- **WORK INSTRUCTIONS**:
Below are records to be copied exactly; their pictures are to be omitted.

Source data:
^^^^^^^^

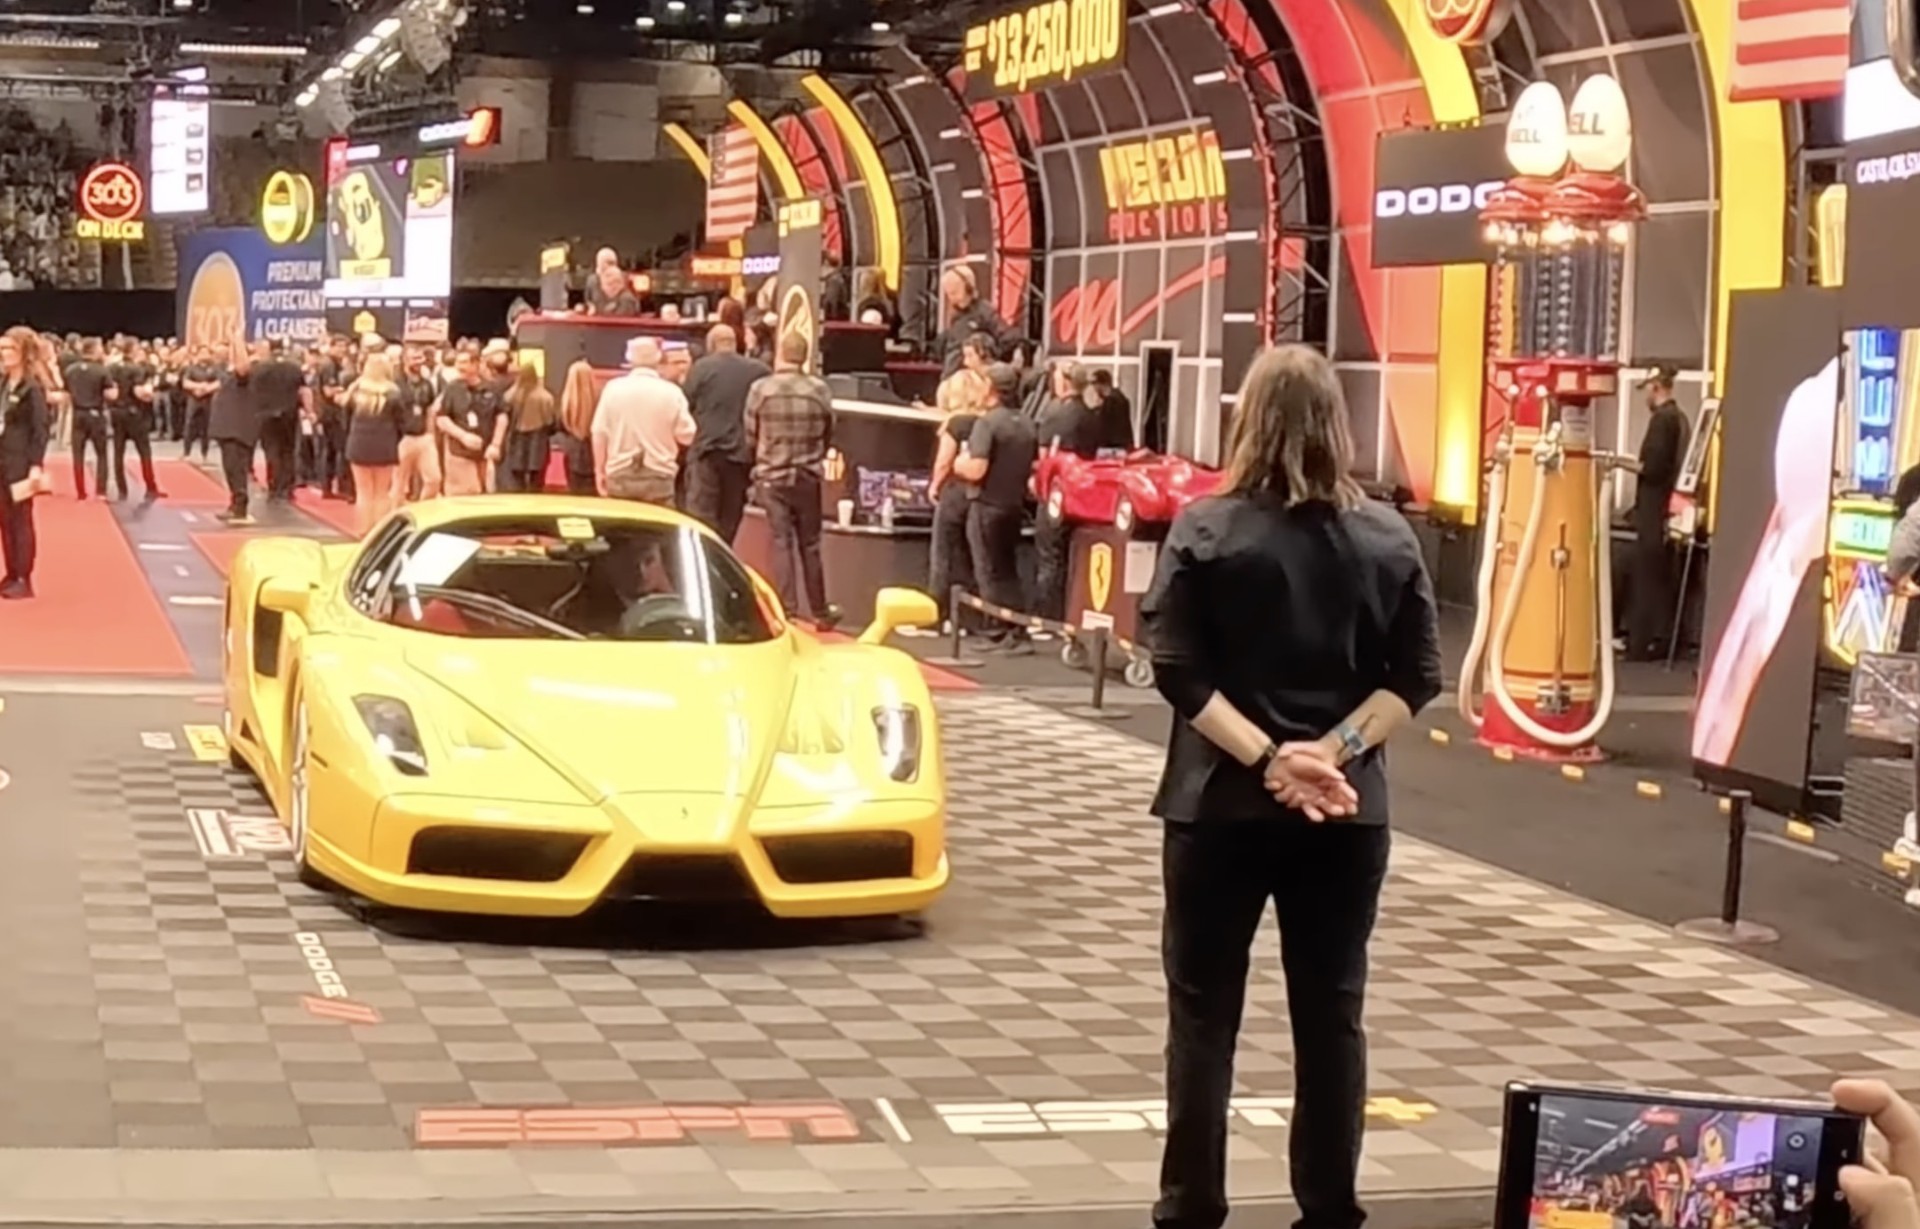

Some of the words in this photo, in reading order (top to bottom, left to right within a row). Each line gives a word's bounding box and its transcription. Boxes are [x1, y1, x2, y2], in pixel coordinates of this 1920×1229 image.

[988, 0, 1121, 92] $13,250,000
[89, 173, 134, 206] 303
[77, 219, 99, 237] ON
[267, 260, 323, 283] PREMIUM
[295, 932, 348, 998] DODGE
[418, 1106, 860, 1143] ESPN

^^^^^^^^

- **REPLY**:
Some of the words in this photo, in reading order (top to bottom, left to right within a row). Each line gives a word's bounding box and its transcription. Boxes are [x1, y1, x2, y2], in pixel coordinates of this 1920×1229 image.

[988, 0, 1121, 92] $13,250,000
[89, 173, 134, 206] 303
[77, 219, 99, 237] ON
[267, 260, 323, 283] PREMIUM
[295, 932, 348, 998] DODGE
[418, 1106, 860, 1143] ESPN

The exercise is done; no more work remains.